Animals and ophthalmologic examination

The study was approved by the ethics commissions of the University of Veterinary Medicine Hannover, Foundation.

98 healthy equine eyes from 49 horses were examined. The horses were private-owned and examined in a darkened stable. Informed consent was obtained from all owners. All horses underwent a dilated (tropicamide 0.5%) ophthalmic examination, including pupillary light reflex, dazzle reflex, menace response, slit-lamp biomicroscopyFootnote 1 and indirect ophthalmoscopy.Footnote 2 Horses with ocular abnormalities were excluded from the study. Only manual restraint was used for all procedures. Following clinical evaluation retinoscopy, keratometry and A-mode ultrasonography were conducted on both eyes of each horse. Prior to the examinations the horses received 1 drop of tropicamide 0.5% ophthalmic solutionFootnote 3 and directly in front of the ultrasonographic biometry 1 drop of lidocain ophthalmic solutionFootnote 4 was instilled.
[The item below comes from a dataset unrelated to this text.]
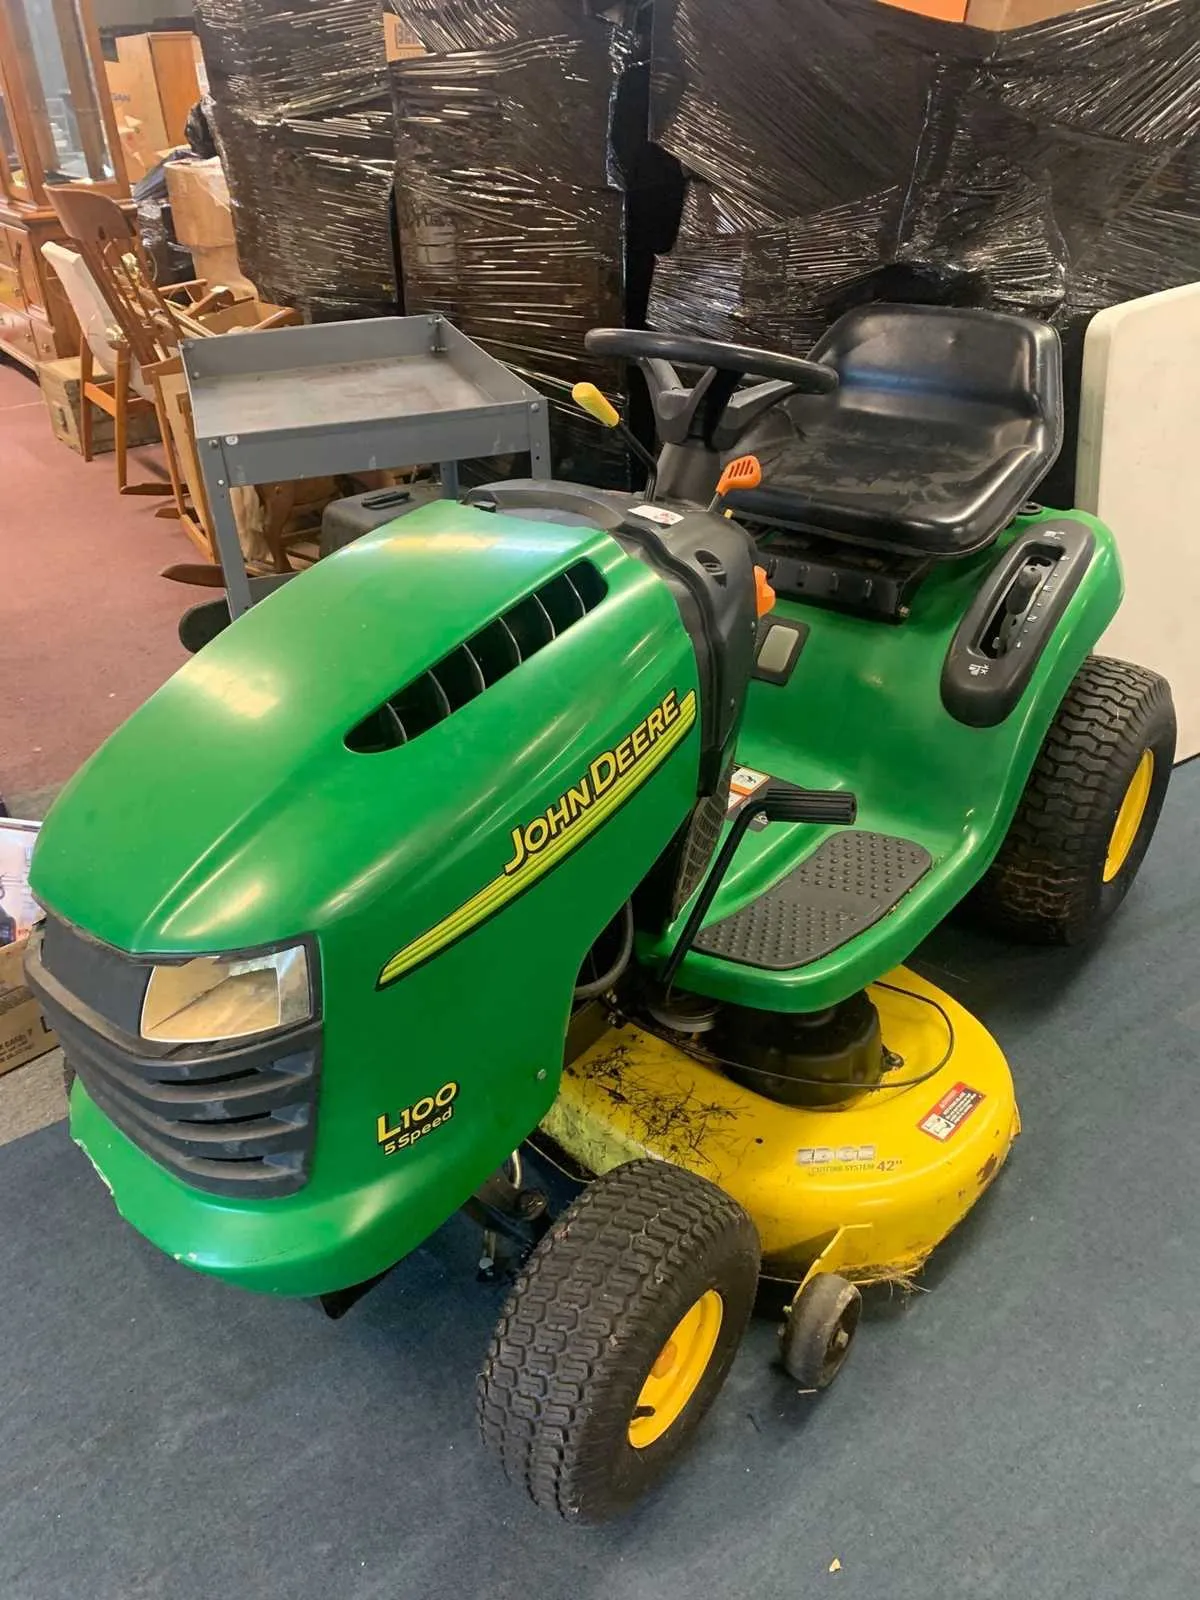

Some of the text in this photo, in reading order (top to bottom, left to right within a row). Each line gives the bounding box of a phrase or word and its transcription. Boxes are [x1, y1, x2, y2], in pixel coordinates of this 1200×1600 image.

Streak retinoscopy was performed with a streak retinoscopeFootnote 5 and 2 skiascopy bars.Footnote 6 Streak retinoscopy was performed about 30 min after the administration of tropicamide ophthalmic solution3. The horizontal and vertical meridians were refracted at a working distance of 67 cm using the technique described in a previous study [22]. Results of the horizontal and vertical measurements were averaged to calculate a mean refractive error of each eye.


Keratometry was conducted by using a custom-made video-keratometer.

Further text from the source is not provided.